═════ Data for this exercise

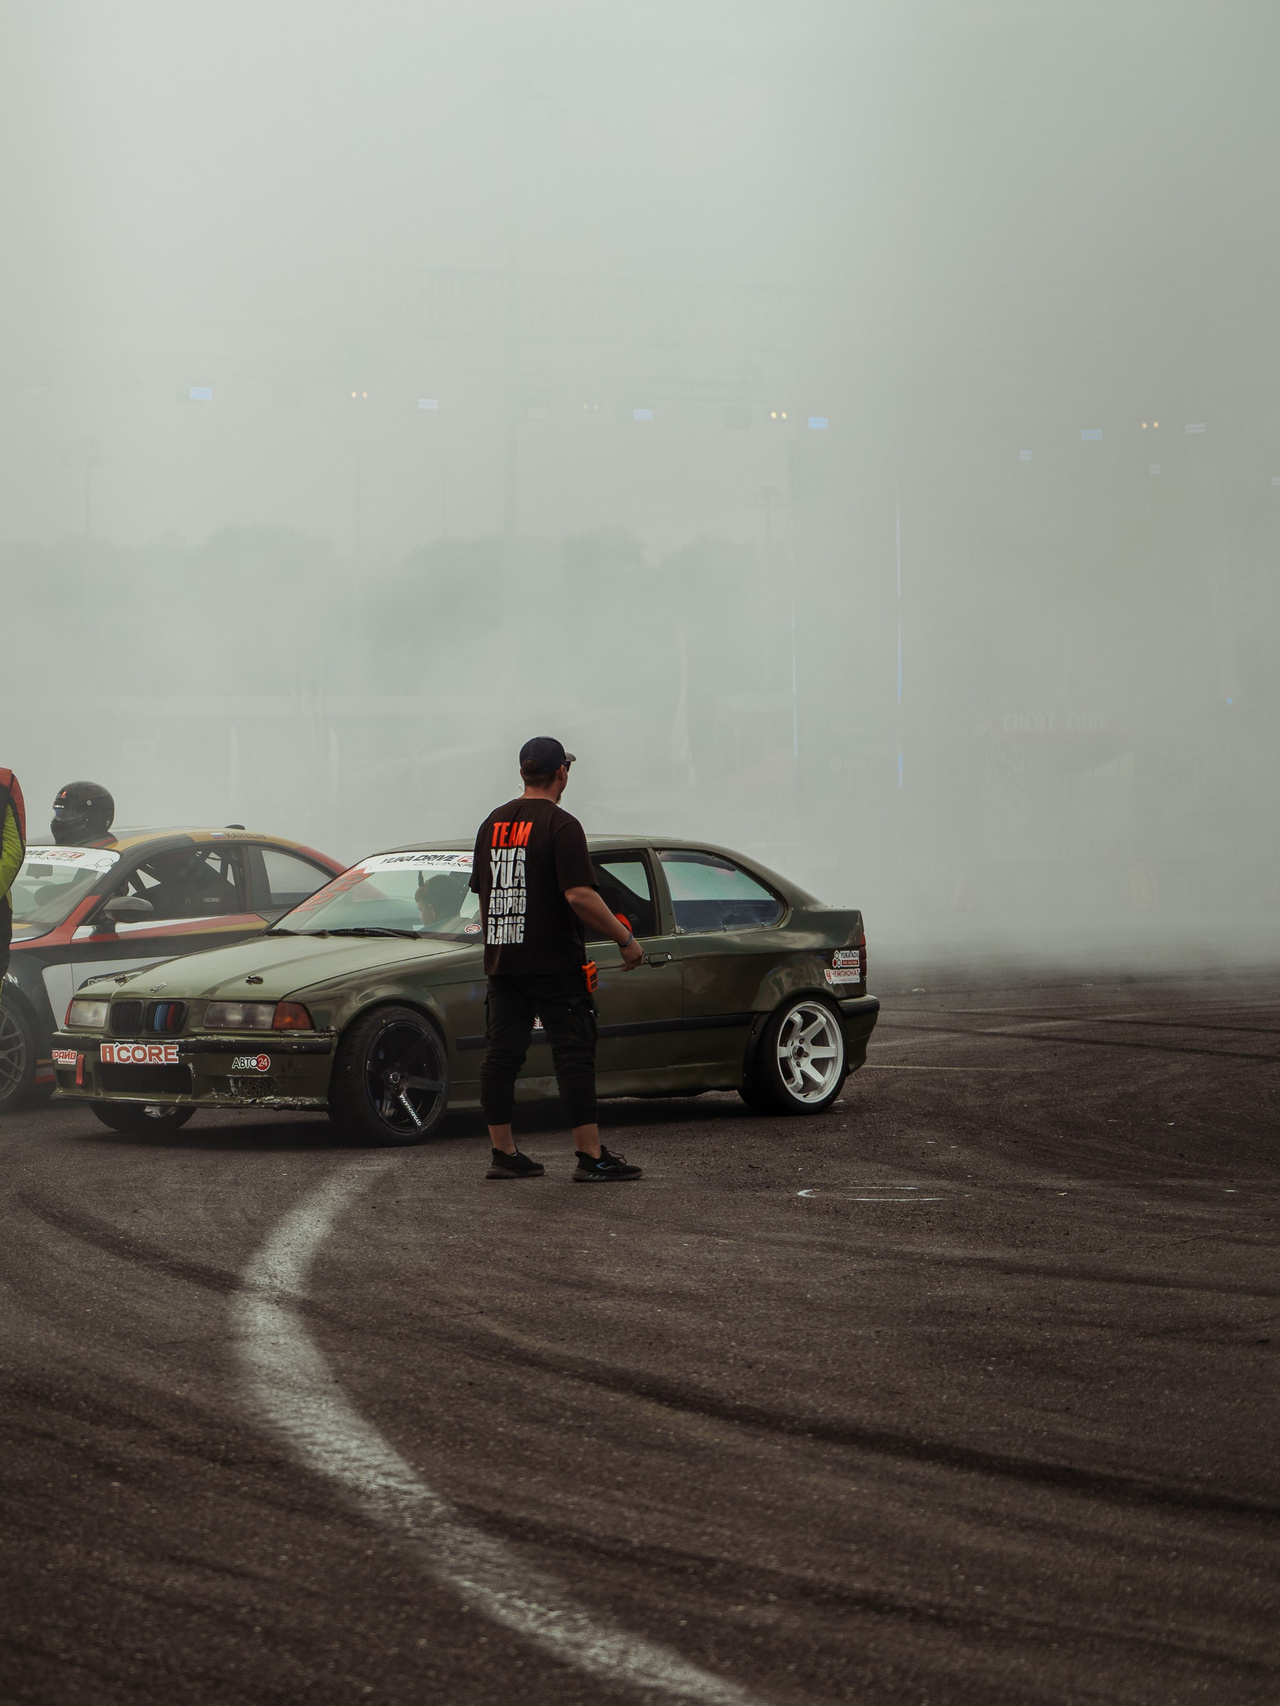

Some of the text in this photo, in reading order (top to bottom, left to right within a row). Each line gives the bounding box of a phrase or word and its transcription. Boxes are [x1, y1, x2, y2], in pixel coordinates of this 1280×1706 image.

[491, 821, 532, 847] TEAM
[52, 1049, 77, 1061] РАЙВ
[399, 1094, 423, 1126] GYMKHANA
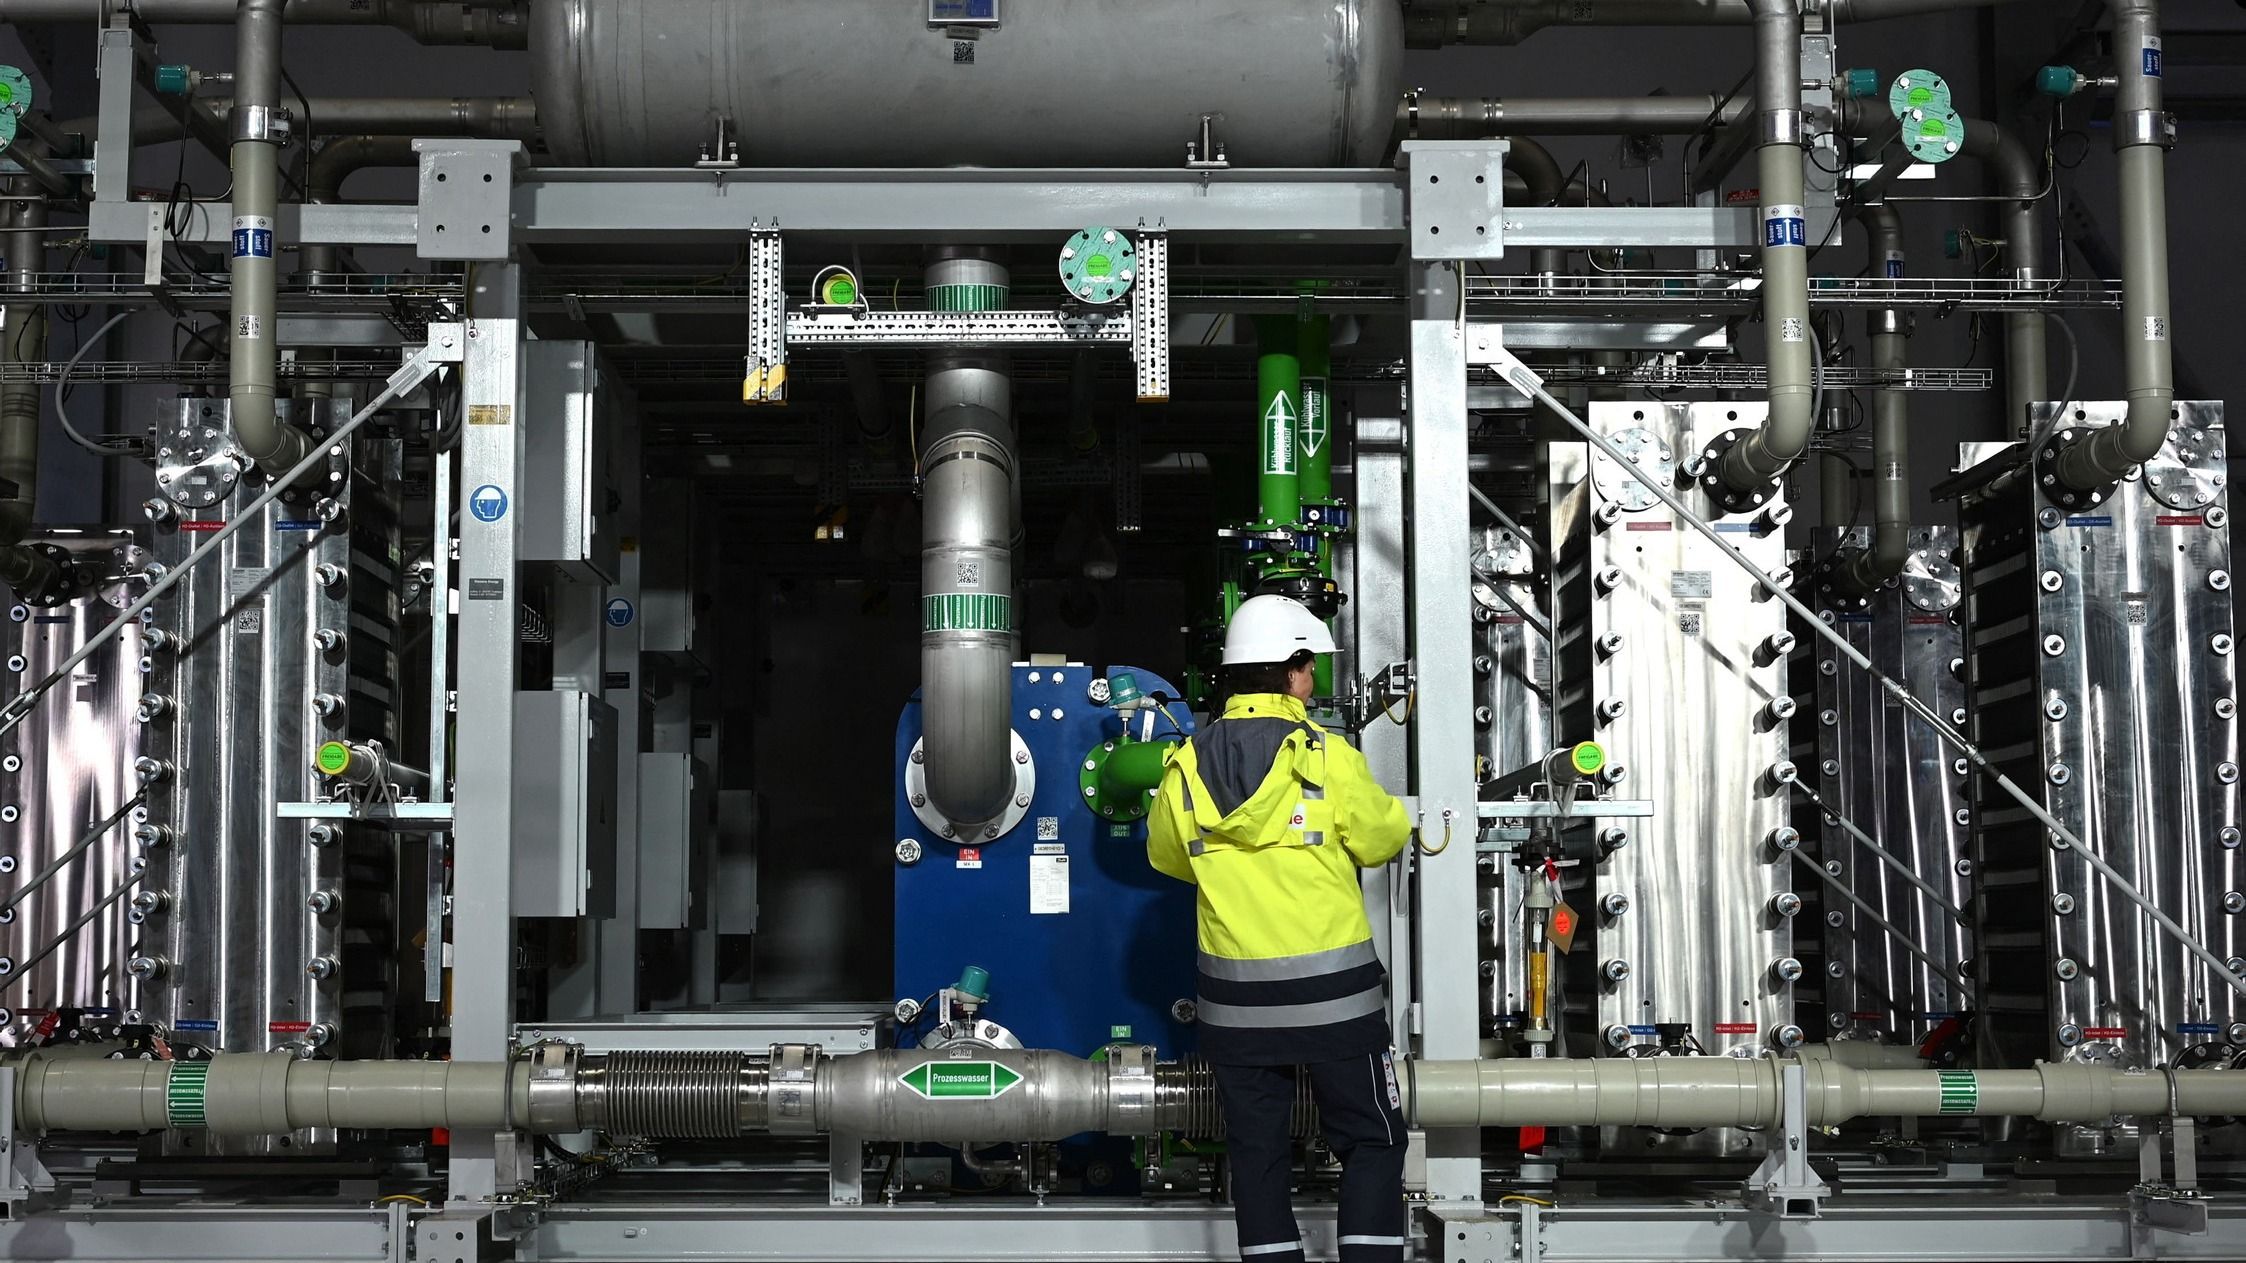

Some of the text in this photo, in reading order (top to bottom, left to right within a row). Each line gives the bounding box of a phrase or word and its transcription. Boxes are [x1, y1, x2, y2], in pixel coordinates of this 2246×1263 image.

[1300, 382, 1310, 428] Kühlwasser
[1311, 390, 1320, 418] Vorlauf
[932, 1074, 989, 1083] Prozesswasser
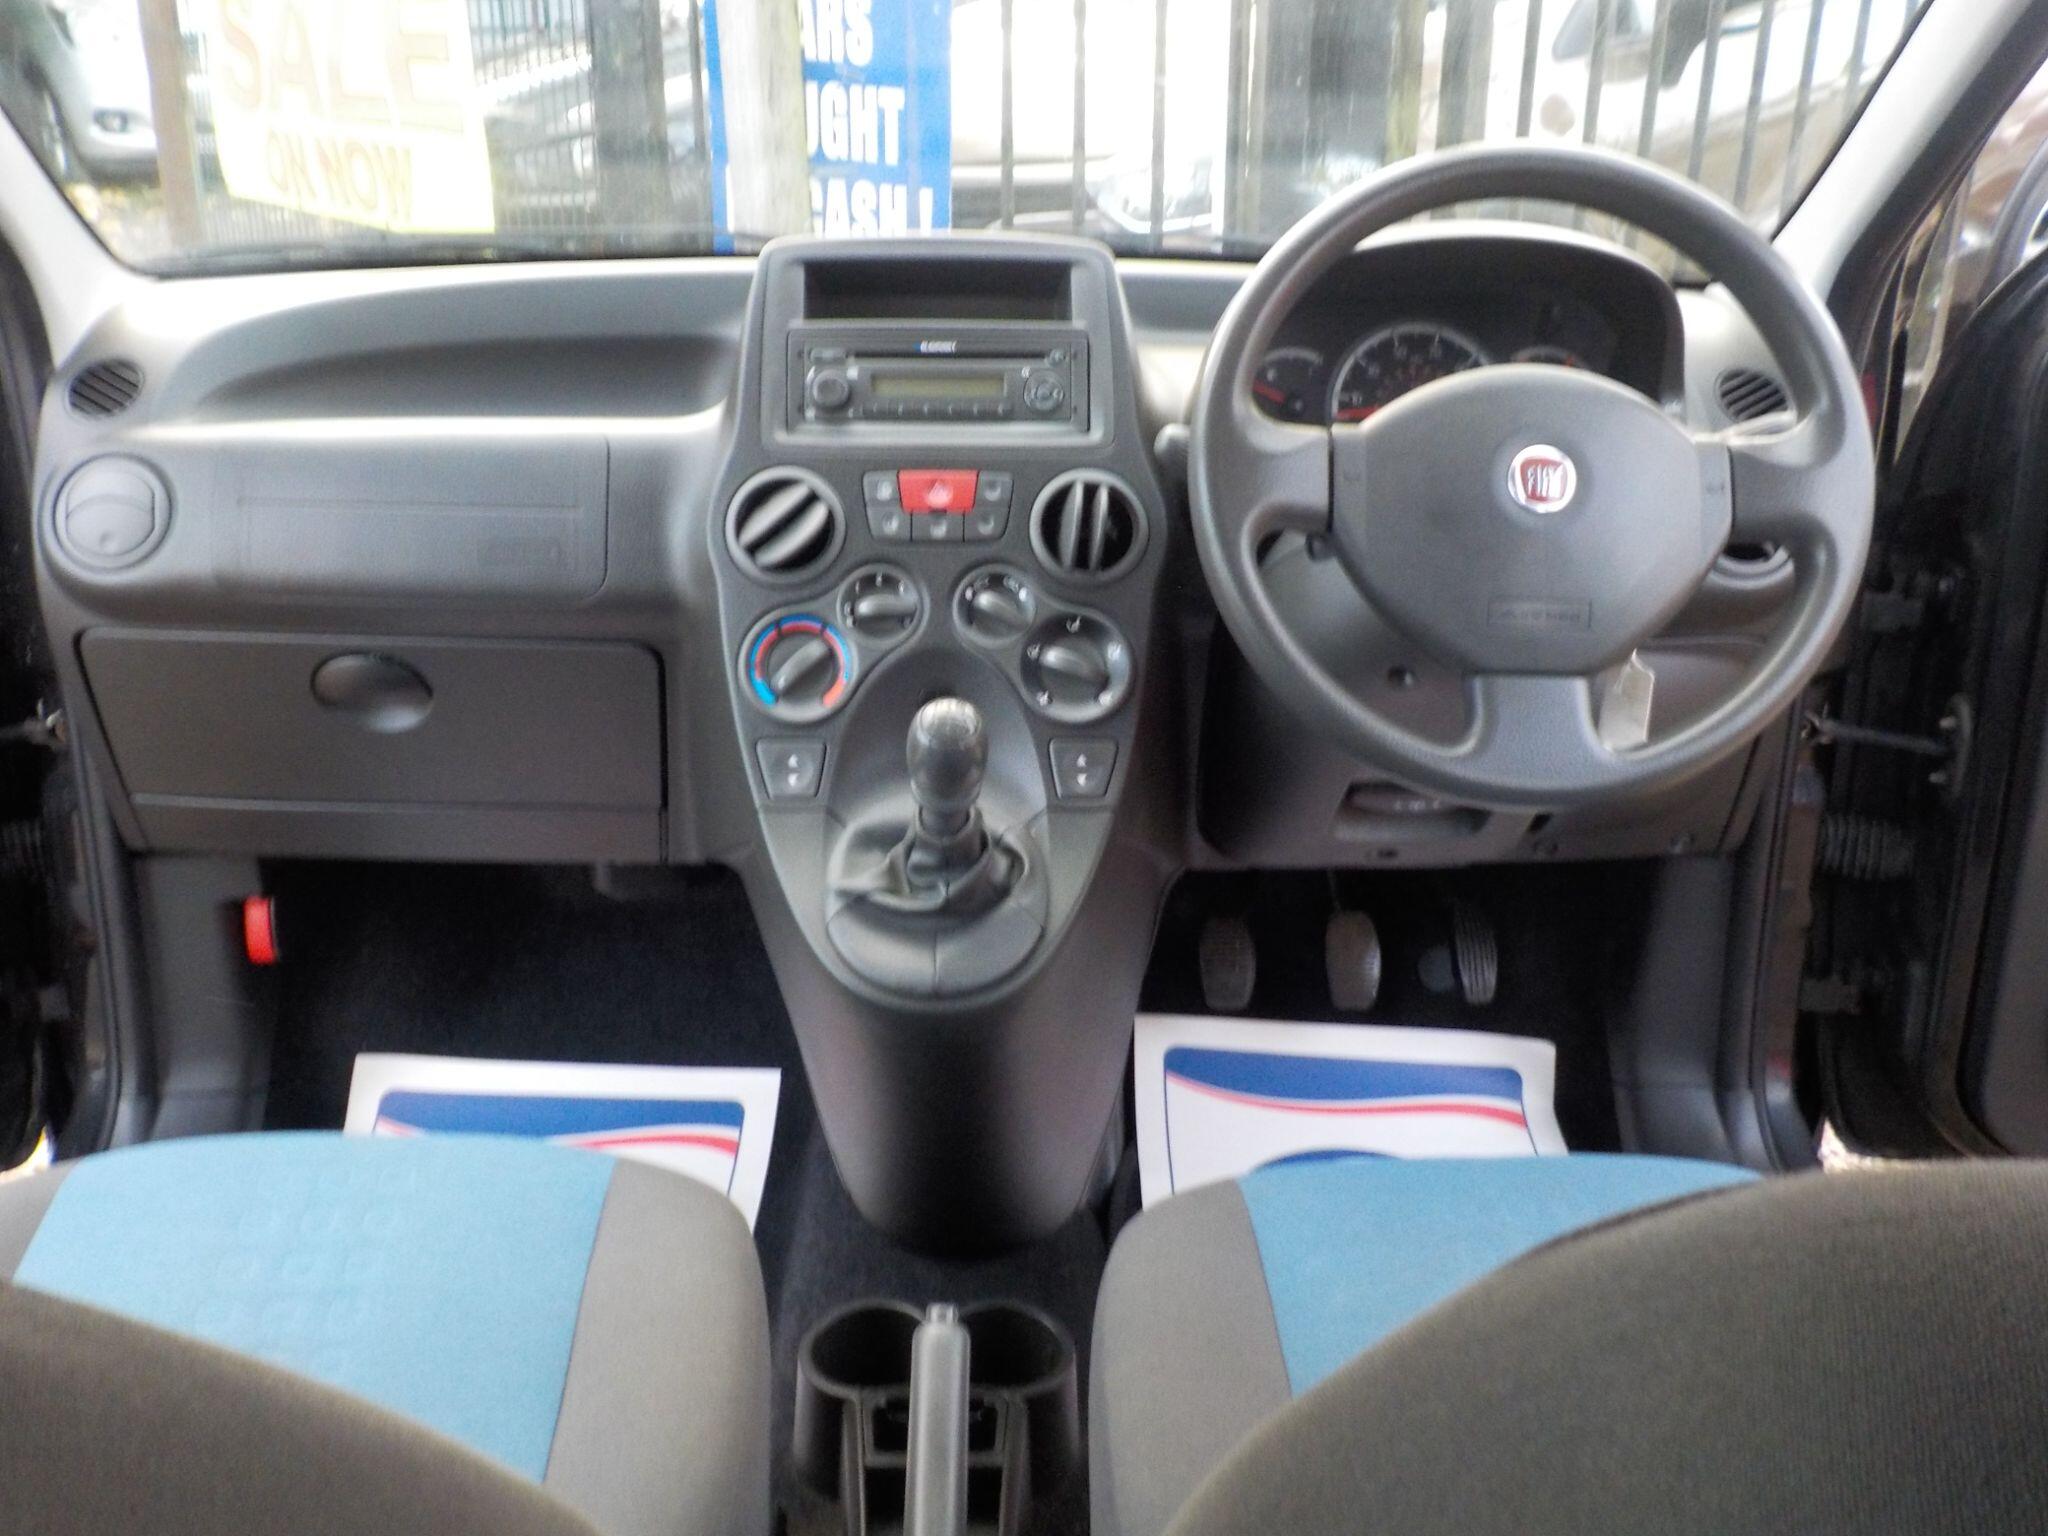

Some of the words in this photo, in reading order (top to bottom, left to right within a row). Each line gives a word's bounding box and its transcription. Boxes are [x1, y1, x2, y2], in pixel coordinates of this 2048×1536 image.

══════════

**Aim of the task:** Repeat all of the entries above exactly. Keep pictures out of it.

**Answer area:**
Some of the text in this photo, in reading order (top to bottom, left to right within a row). Each line gives the bounding box of a phrase or word and its transcription. Boxes are [x1, y1, x2, y2], in pixel coordinates of this 1280×1706 image.

[491, 821, 532, 847] TEAM
[52, 1049, 77, 1061] РАЙВ
[399, 1094, 423, 1126] GYMKHANA

Some of the text in this photo, in reading order (top to bottom, left to right within a row). Each line gives the bounding box of a phrase or word and its transcription. Boxes are [x1, y1, x2, y2], in pixel coordinates of this 2246×1263 image.

[1300, 382, 1310, 428] Kühlwasser
[1311, 390, 1320, 418] Vorlauf
[932, 1074, 989, 1083] Prozesswasser

Some of the words in this photo, in reading order (top to bottom, left to right within a row). Each line gives a word's bounding box and its transcription. Boxes are [x1, y1, x2, y2], in pixel coordinates of this 2048×1536 image.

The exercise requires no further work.